Ira Chilton, principal with the Nashville-based CFP Group, says his company’s contracts to help design and construct clinics in England are a direct result of the trade missions and the council’s overseas efforts. Chilton was a delegate on all five trade missions and says “the probability is pretty high” that he will go along on the sixth, planned for 2006 to Poland and Austria.

The U.S. ambassador to Poland, Victor Ashe, is equally enthusiastic about the prospects of a Tennessee trade mission.

“I am especially excited as a Tennessean to be able to host such a group,” says Ashe, former mayor of Knoxville. “The Polish health-care system faces a number of challenges, and the visit should provide for a productive exchange of information on both sides as well as generate new business opportunities.”

Poland’s health-care challenges are much the same as those in many other countries – an aging population, rising costs, inefficiency and information technology needs, according to Paul Keckley, executive director of the Vanderbilt Center for Evidence-based Medicine. Keckley says Vanderbilt University could play a critical role in addressing such issues.

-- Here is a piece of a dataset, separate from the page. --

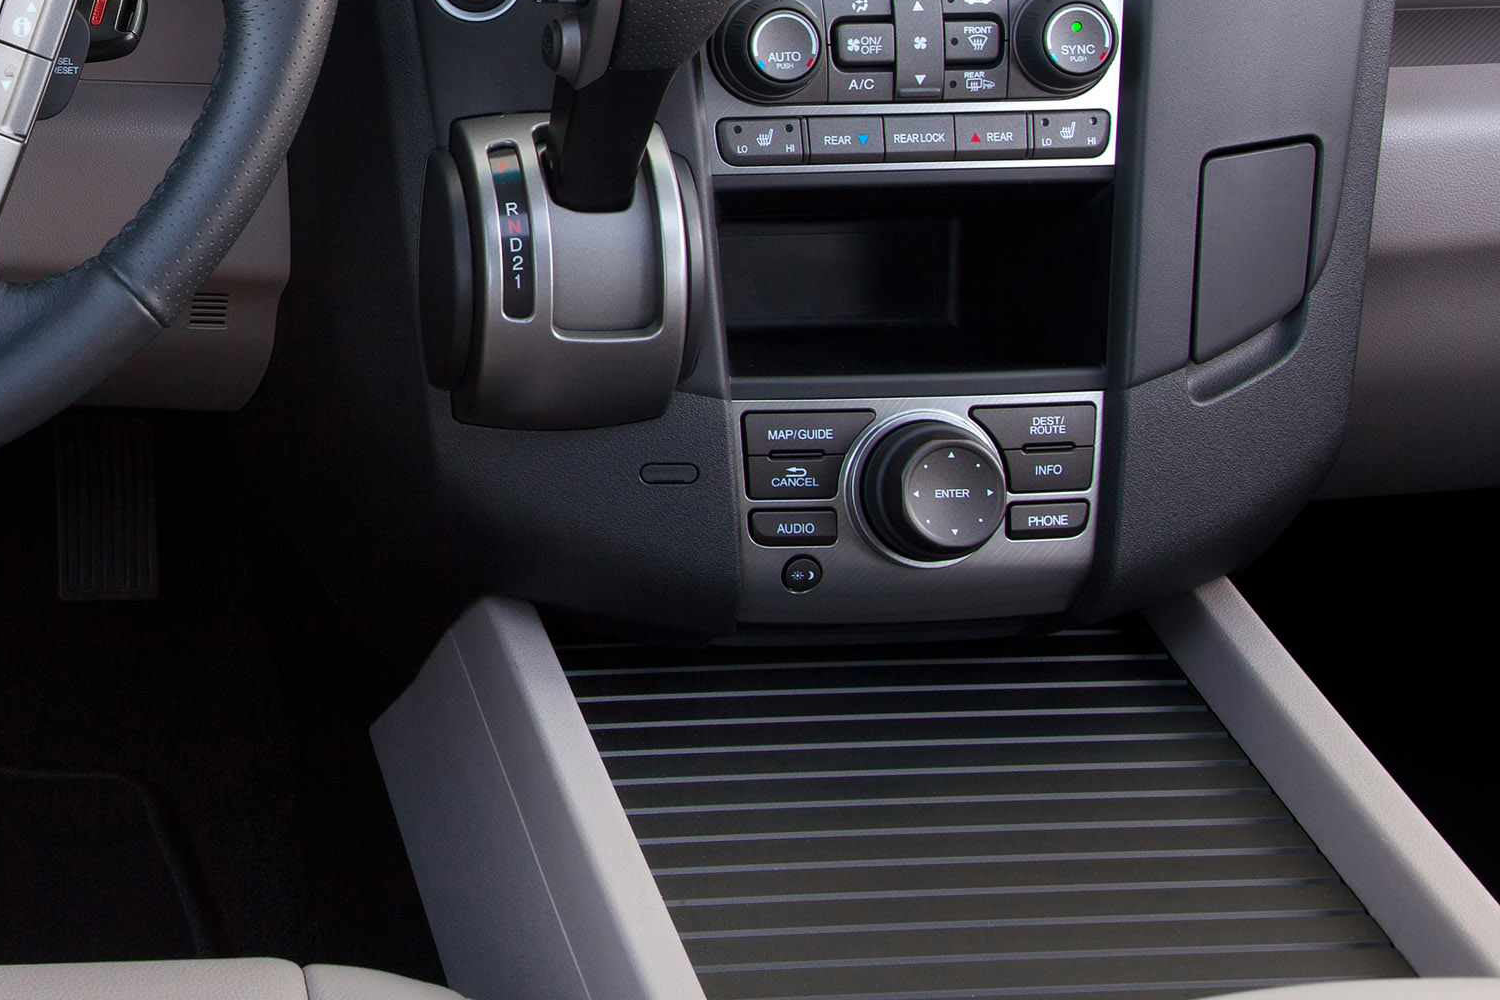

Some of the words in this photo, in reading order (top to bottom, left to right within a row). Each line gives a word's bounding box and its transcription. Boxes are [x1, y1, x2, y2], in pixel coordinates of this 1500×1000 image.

“They’re looking for new ways to deliver care and new ways to reduce the incidence of heart disease, diabetes and asthma. They’re looking for ways to more effectively treat people who need hospital care,” he says. “Nashville has some fairly prominent solutions which have historically been focused in just the U.S., but increasingly we’re getting a lot of attention from health ministries around the world.”